# McNish Crash @ LeMans 2011



## Alan (Jul 1, 2001)




----------



## minos (Sep 21, 2006)

so much speed. how lucky those reporters must feel right now!

Thanks god no one was hurt


----------



## Mookistar (Feb 5, 2004)

WFT was he playing at?


----------



## g-from-lancs (May 4, 2006)

Holy Crap, hope no one was injured!


----------



## Nigel-Power (Dec 16, 2009)

bloody ell, that was too fast ! surprised the car didn't went flying over the barrier. Started spinning like a washing machine :runaway:


----------



## Mookistar (Feb 5, 2004)

Nigel-Power said:


> bloody ell, that was too fast ! surprised the car didn't went flying over the barrier. Started spinning like a washing machine :runaway:


sounds like you need a new washing machine!


----------



## Nigel-Power (Dec 16, 2009)

:chuckle: no we got two at home lol very slow ones.. Hotpoint, I think they need upgrading, I'll give you a shout by mid 2012


----------



## Tony Perry (Dec 2, 2007)

Damn, that could have been so much worse!


----------



## SamboGrove (Jun 27, 2010)

Wowsers...that was crazy! Hope those reporters have got some spare pants with them :runaway:


----------



## Bajie (Dec 13, 2001)

Thankfully nobody injured but Marks & Spencer have sold out of underwear!


----------



## TAZZMAXX (Mar 9, 2010)

*Video with more detail*

Another YouTube video that's a bit longer.
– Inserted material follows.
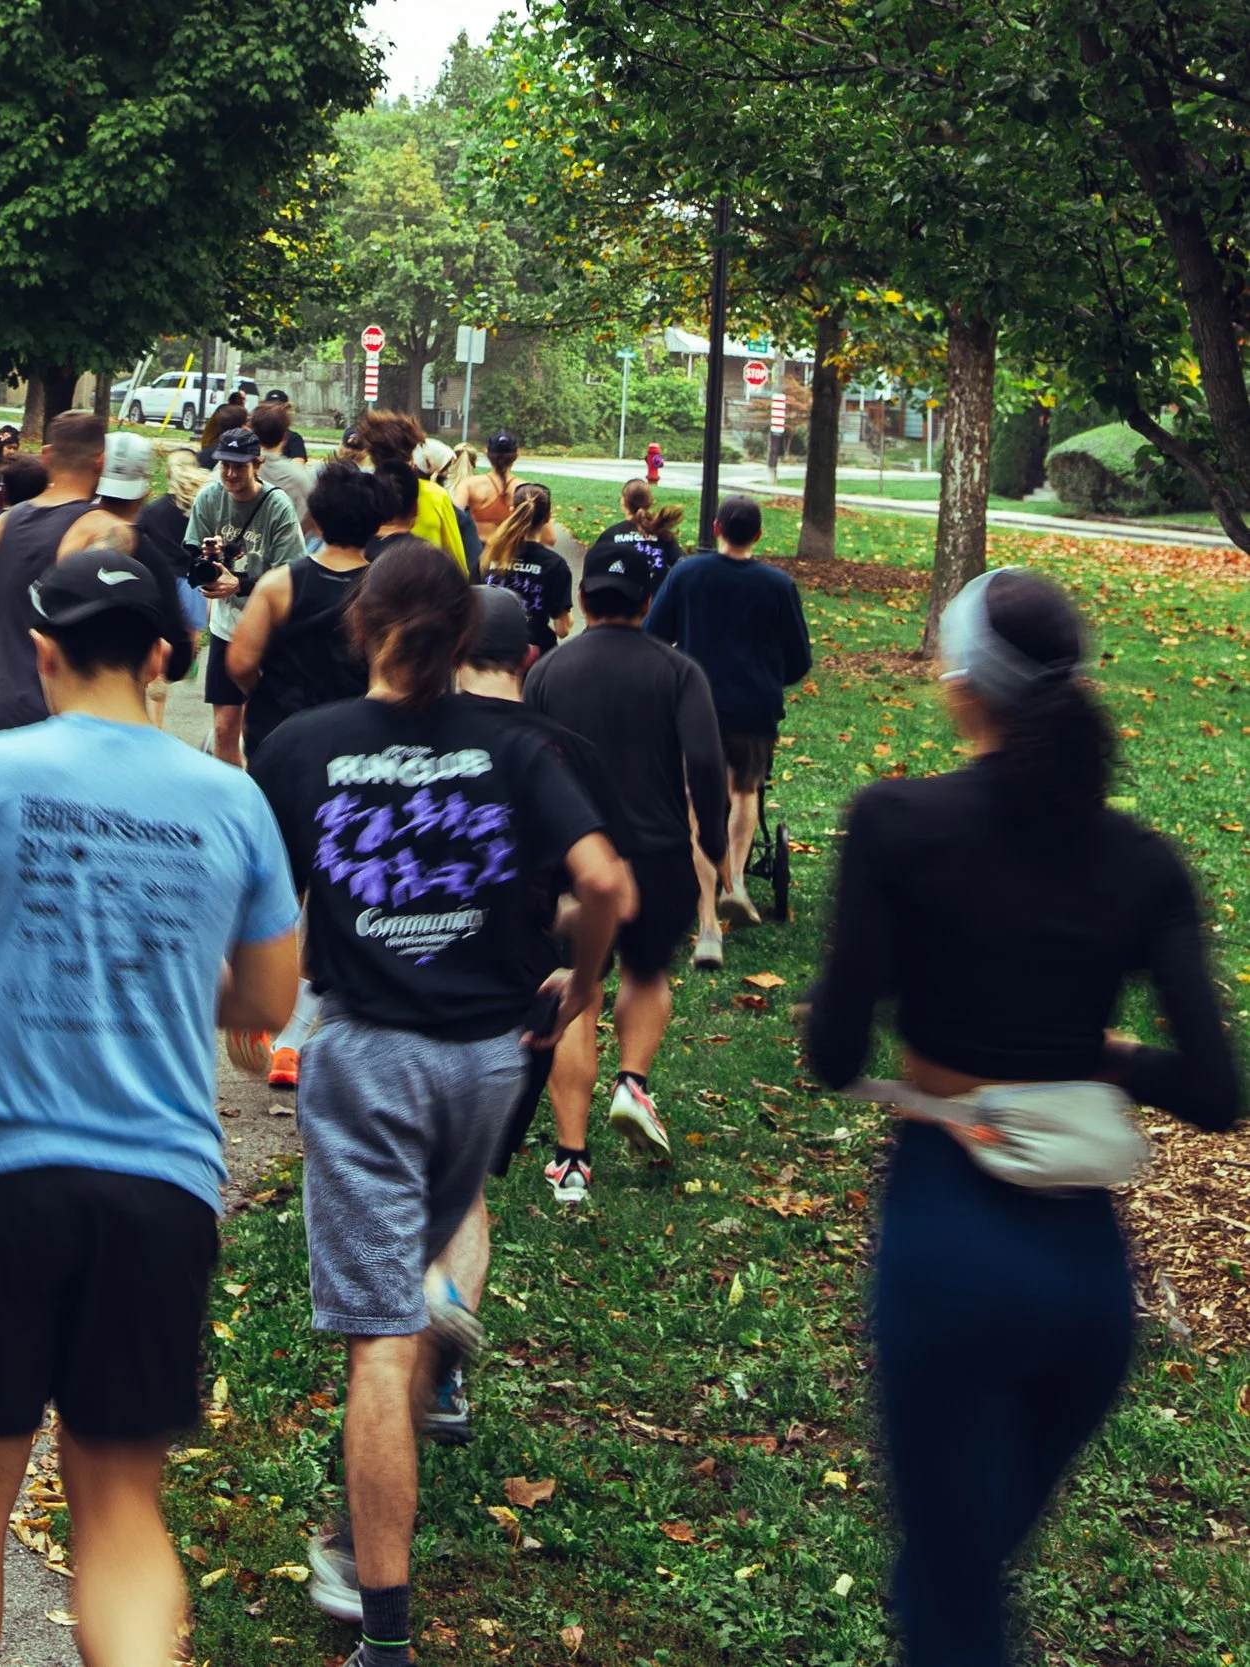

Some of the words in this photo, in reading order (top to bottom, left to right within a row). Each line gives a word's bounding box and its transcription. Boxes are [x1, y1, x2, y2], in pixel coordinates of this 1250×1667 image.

[363, 334, 383, 345] STOP
[745, 367, 765, 379] STOP
[614, 534, 634, 543] RUN
[513, 563, 542, 575] CLUB
Those press guys were really lucky.


----------



## Mookistar (Feb 5, 2004)

Is it just me or was that mcnishs fault?


----------



## ragt20 (Jun 28, 2003)

holy crap!!!! amazing no serious injuries


----------



## Nas (Sep 22, 2008)

have to say amongst the drivers, that reporter in the blue from 2:37 onwards, must have have balls of steel and some sort of protective aura :chuckle: 

Casually strolling down the lane with shades on, and then suddenly (without noticing?!!! whilst the others are diving to the ground) a wheel lands just behind them and then continues to bounce around them.


----------



## Mookistar (Feb 5, 2004)

Another big smash overnight


----------